Saturday, July 12, 2014

Safe Haven

The morning was Haitian-bright as we ate our routinely delicious breakfast and donned our bright blue Reiser Relief t-shirts. We filled our water bottles and climbed into the back of the tap-tap, which was beginning to feel like a second home. The road was as bumpy as ever on the way to the water truck filling station, and we welcomed the break we were allowed while we waited for the Reiser truck to take its turn under the spigot. Cows, goats, and chickens picked their ways around the compound, and we laughed and chatted under the shade of a small garden of delicately pink-flowered trees. The sky was a vibrant, caribbean blue, and the mountains in the distance were shrouded in a pale mist that kissed the tops of the looming rocks. The beauty of the island couldn't be overpowered by the dust rising around us or even by the horn of the Reiser truck, that blared loudly at us to signal that it was ready to leave. We jostled along behind it, singing songs and laughing wildly.
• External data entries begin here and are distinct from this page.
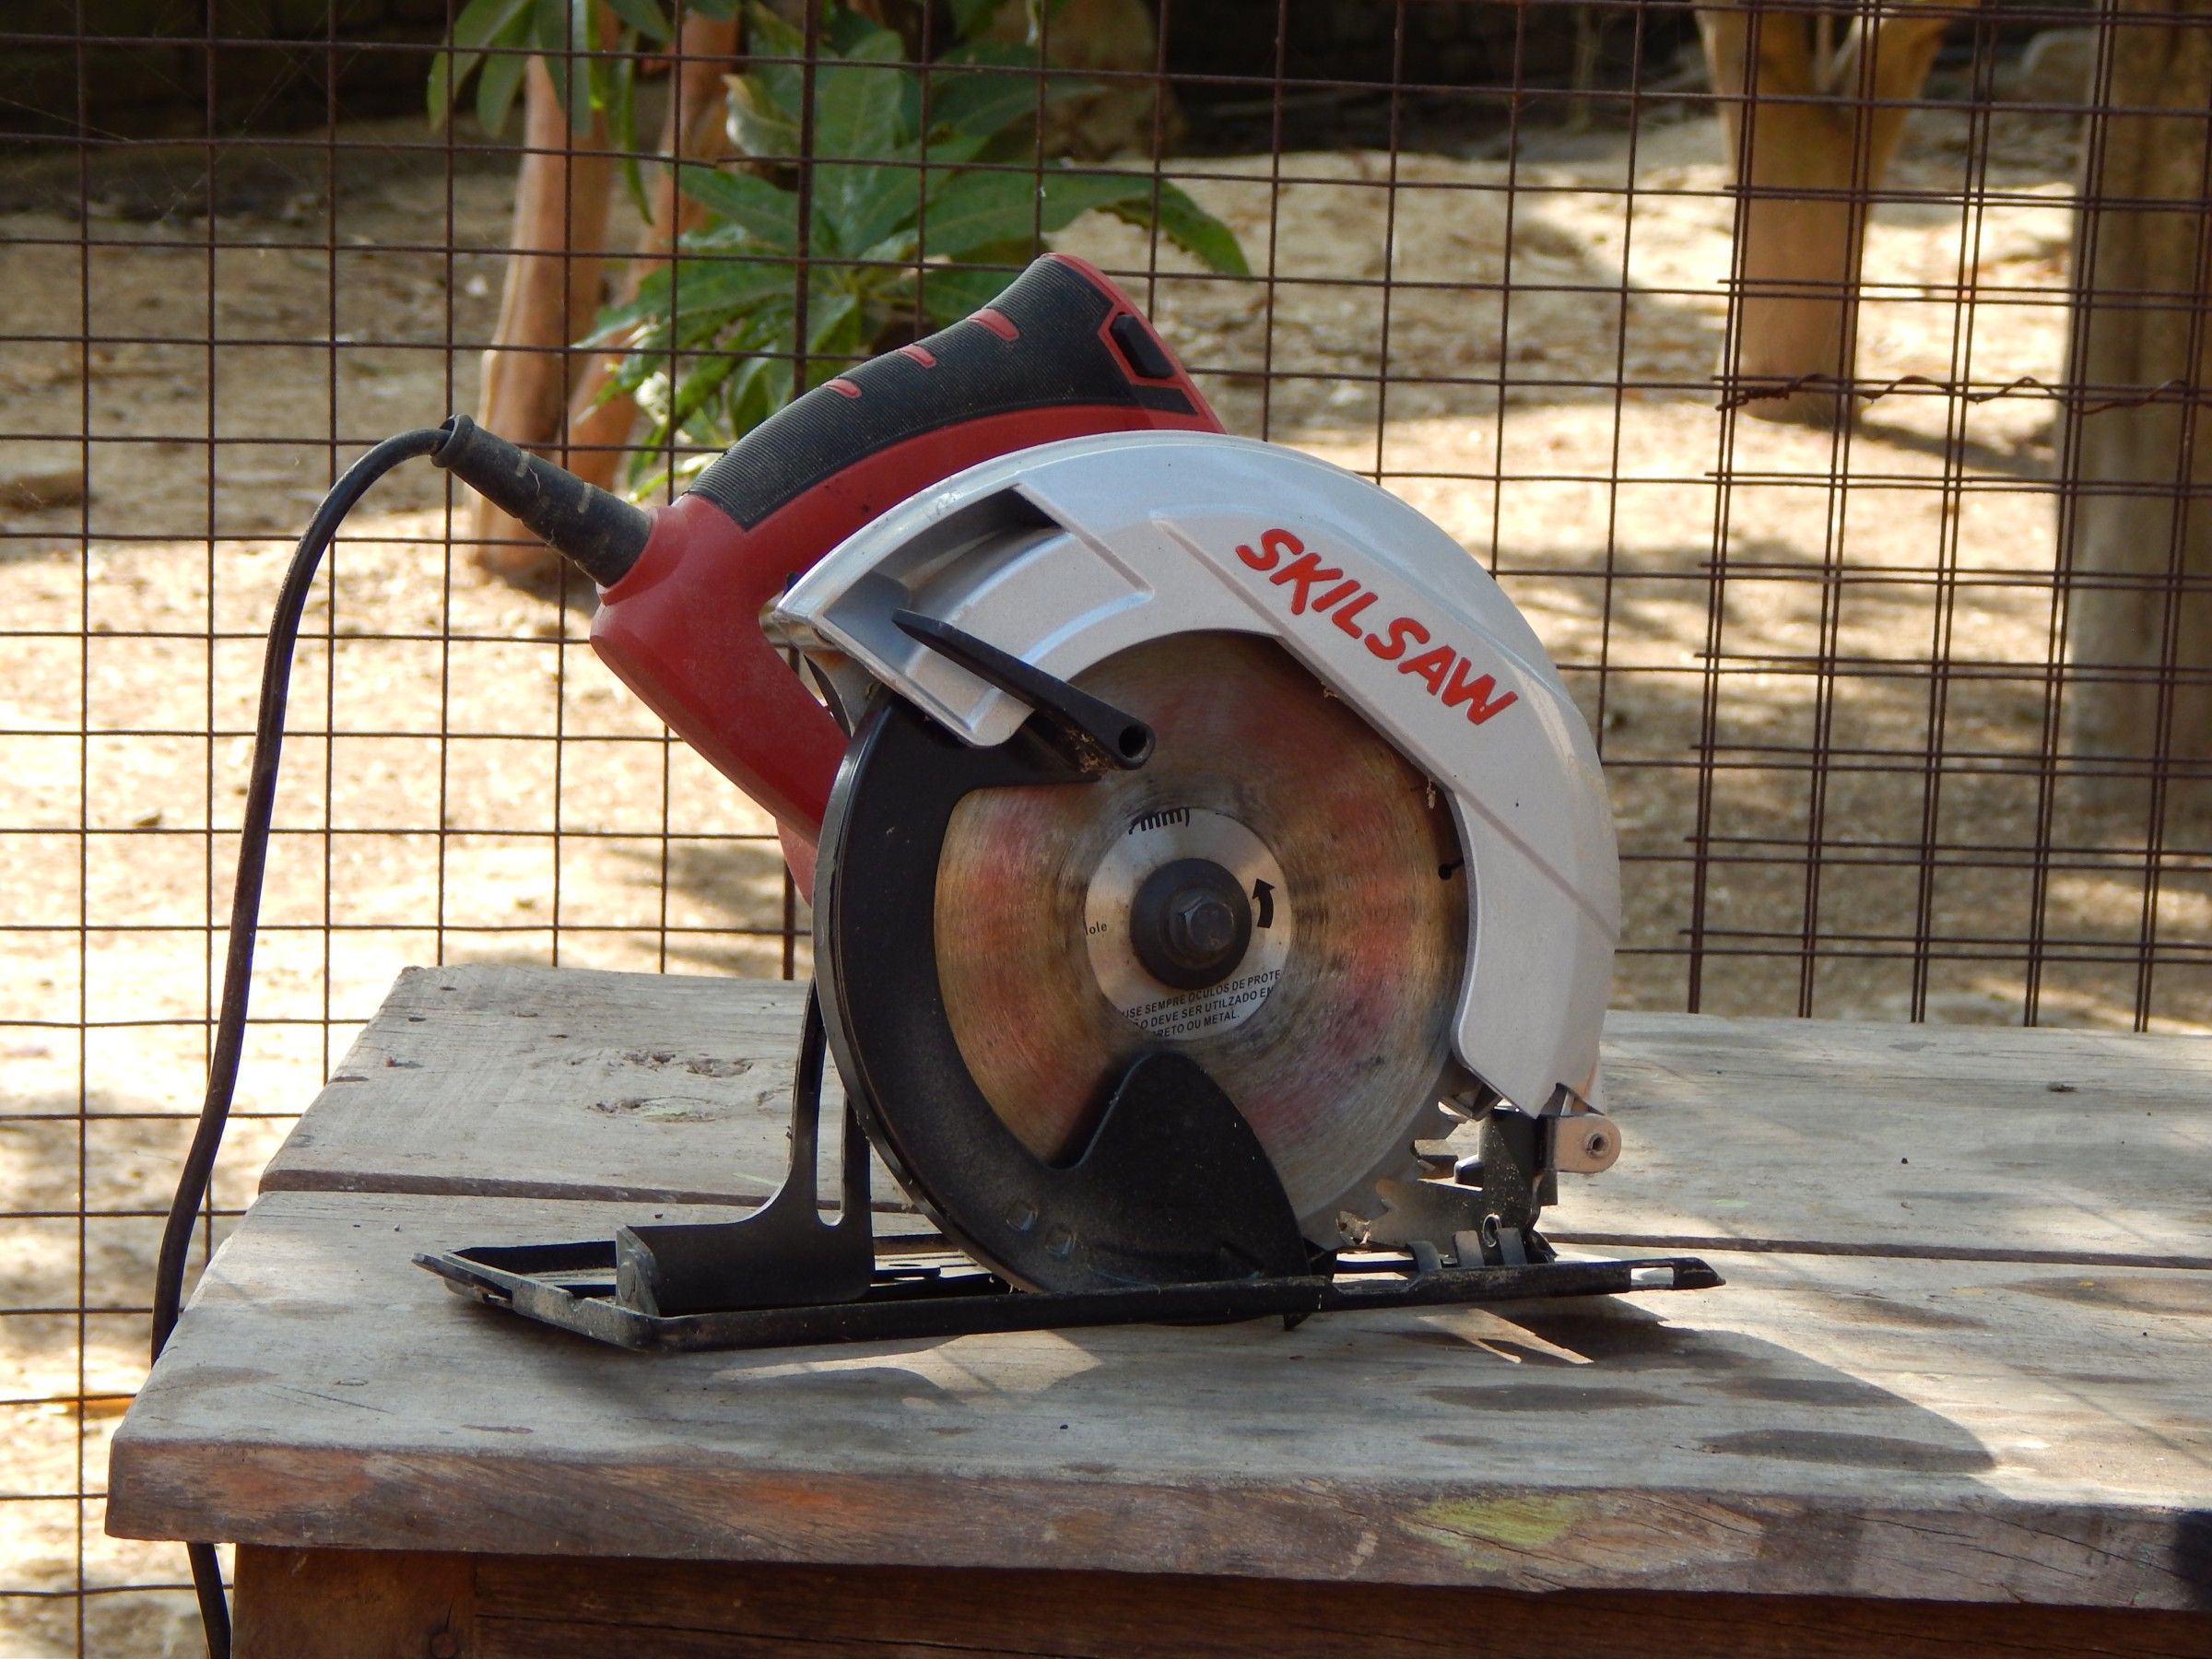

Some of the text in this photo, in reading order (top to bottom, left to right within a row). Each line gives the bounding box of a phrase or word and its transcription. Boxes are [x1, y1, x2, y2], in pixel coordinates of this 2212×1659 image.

[1235, 528, 1519, 725] SKILSAW
[1145, 994, 1185, 1015] SEMPRE
[1232, 979, 1245, 991] DE
[1150, 1011, 1179, 1028] DEVE
[1181, 1005, 1203, 1019] SER
[1153, 1010, 1240, 1038] RETO OU METAL.
Our second entrance into Cité Soleil was no less powerful than the first. My eyes raked the homes packed in closely on either side of me, and while I waved at the children running excitedly alongside us, I was completely speechless. Before we even touched the ground in Soleil #17, children were climbing into our arms and grabbing for our hands. A chorus of "HEY, YOU! HEY, YOU!" rang out around us, almost deafening. Even as water began to gush from the truck, the children stayed wrapped around our entire bodies, trying to communicate with us in any way they possible could (usually by shouting "HEY, YOU!" as loudly as humanly possible.).
I began to notice a kind of protective bubble around the truck. It was as though inside the radius the invisible force field the water provided, the desperation of Cité Soleil melted away. There was hope inside the bubble: smiles, laughter, hands being held. Kids sang, danced, and played in the water. They were completely unafraid of the "blancs", the foreigners. They weren't afraid to ask for help setting buckets atop their heads or transporting the sloshing water down the alley. They were not only nourished physically by the liquid life we were providing by the gallon; they were nourished spiritually.
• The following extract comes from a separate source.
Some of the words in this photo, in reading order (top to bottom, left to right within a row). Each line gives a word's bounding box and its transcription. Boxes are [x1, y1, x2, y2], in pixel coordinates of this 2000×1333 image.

After the rush of Soleil #17, we travelled just a bit farther to Juno's Orphanage. Luckner, one of our wonderful guides, vivaciously honked the horn of the tap-tap at a dusty gate set into a pale wall, and we were admitted in. Inside the walls was a completely different world than the one we had just experienced. A large tree sat in the middle of a well-kept courtyard, its bright leaves offering shade to seventeen beautiful kids who immediately welcomed us into their home with hugs and smiles. They were gracious beyond their few years, playing nicely and sharing the toys and games we had brought for them. Their laughs reverberated off of the stone walls as they made farms from play-doh, played soccer and catch, painted their nails, and tied ribbons into their gorgeous hair.
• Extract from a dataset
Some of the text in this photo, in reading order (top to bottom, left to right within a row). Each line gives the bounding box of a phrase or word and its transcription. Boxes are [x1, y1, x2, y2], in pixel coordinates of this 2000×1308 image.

Almost as soon as my feet first touched the ground, I felt it again. The bubble. The hope. Desperation stopped at the gate, but it did not come from a truck full of water: it came from the children. The building. Juno himself. They all powered the force field with their endless love, and it was strong. Inside it, there was no hardship, no memory of sadness, or of loss. It was beautiful, and I felt so incredibly lucky to be a part of it.
As we made our way back to the guesthouse over the characteristically bumpy roads, I realized that this was the magic of Haiti: safe haven despite tragedy. While the protective bubbles may be invisible, the beauty and endless love are not. This is Haiti.